Loadshedding and Session Planning for SA Hunters
South African players know that losing power mid-hunt is painful. Monster Hunter Wilds has no in-hunt save functionality, meaning a loadshedding cut during a long Arkveld fight means a full retry. A UPS with enough runtime to cover your hunting sessions is a practical investment. Most desktop systems running an RTX 5070 draw 350 to 450W under load. A 1500VA UPS gives you around 15 to 20 minutes of runtime at that draw, enough to finish most hunts or reach a camp. Consider a UPS investment alongside your GPU upgrade as part of the total gaming setup cost.

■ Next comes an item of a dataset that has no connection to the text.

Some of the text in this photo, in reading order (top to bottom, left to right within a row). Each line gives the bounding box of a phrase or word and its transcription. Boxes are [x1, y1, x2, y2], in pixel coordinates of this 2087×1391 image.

Frequently Asked Questions
Does the RTX 5070 support DLSS 4 in Monster Hunter Wilds? Yes. Monster Hunter Wilds received official DLSS 4 support, including Multi Frame Generation. The RTX 5070 supports all DLSS 4 features natively, giving you significant FPS headroom beyond native rendering.

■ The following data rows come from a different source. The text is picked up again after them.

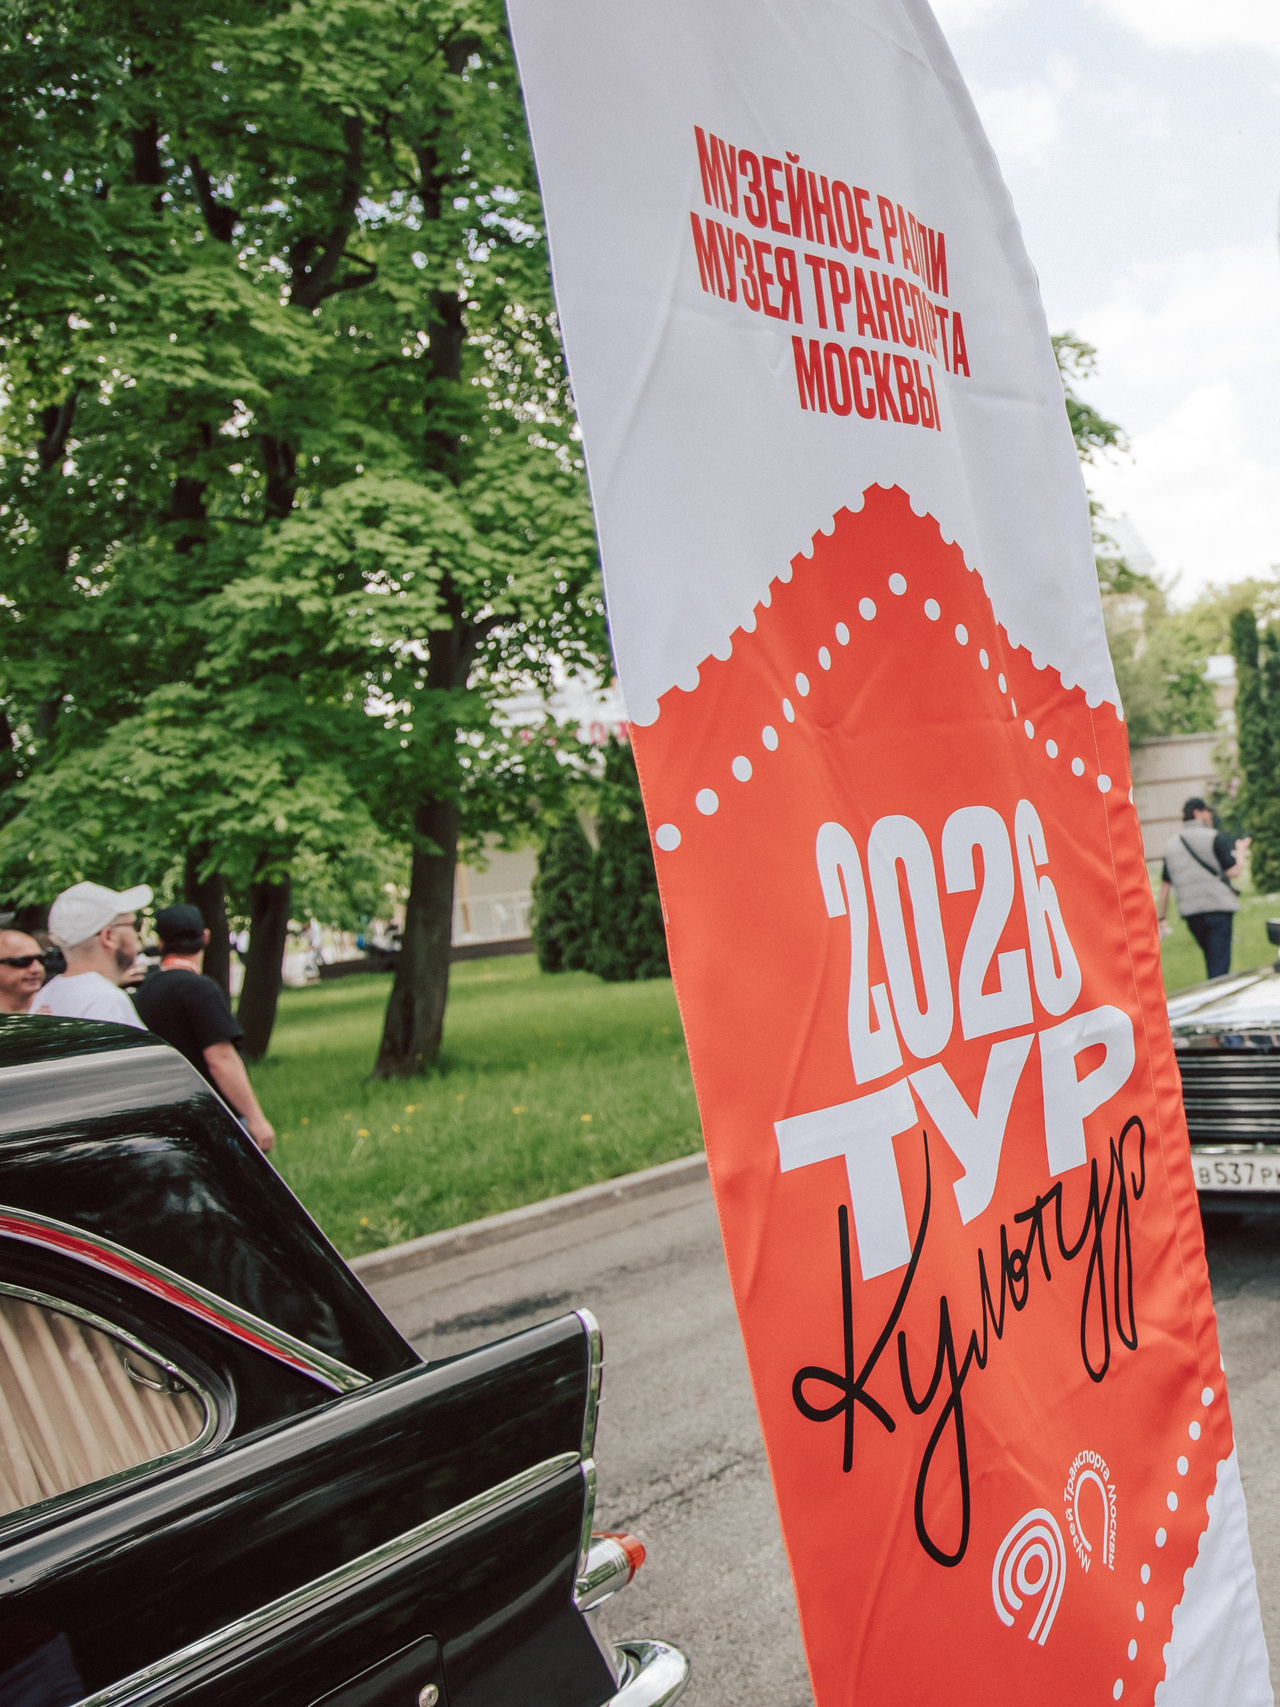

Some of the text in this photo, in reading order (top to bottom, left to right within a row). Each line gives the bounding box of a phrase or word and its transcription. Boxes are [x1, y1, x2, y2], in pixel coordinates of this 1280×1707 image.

[694, 125, 880, 260] МУЗЕЙНОЕ
[690, 211, 971, 378] МУЗЕЯ ТРАНСПОРТА
[791, 335, 942, 432] МОСКВЫ
[816, 799, 1082, 1085] 2026
[774, 1005, 1136, 1282] ТУР
[1065, 1508, 1091, 1573] Музей
[1107, 1484, 1117, 1571] Москвы

Is the RTX 5070 future-proof for Monster Hunter Wilds expansions? For 1080p, the RTX 5070 has substantial headroom for future DLC and expansion content. Even if Capcom adds more demanding environments or updated Ray Tracing, the GPU should maintain playable high-refresh framerates for years.
What CPU pairs well with the RTX 5070 for Monster Hunter Wilds? Monster Hunter Wilds is moderately CPU-intensive due to its monster AI and large open zones. An Intel Core i7-13700K, i9-13900K, or AMD Ryzen 7 7800X3D keeps the CPU from bottlenecking the RTX 5070 at 1080p. The 3D V-Cache Ryzen options are particularly well-suited to this title.
Should I enable Ray Tracing with the RTX 5070 at 1080p? You can. The RTX 5070 handles Ray Tracing in Wilds at 1080p and maintains 80 to 100 FPS at High preset with RT enabled. If you want maximum FPS for high-refresh gaming, keep RT off and enjoy the extra headroom.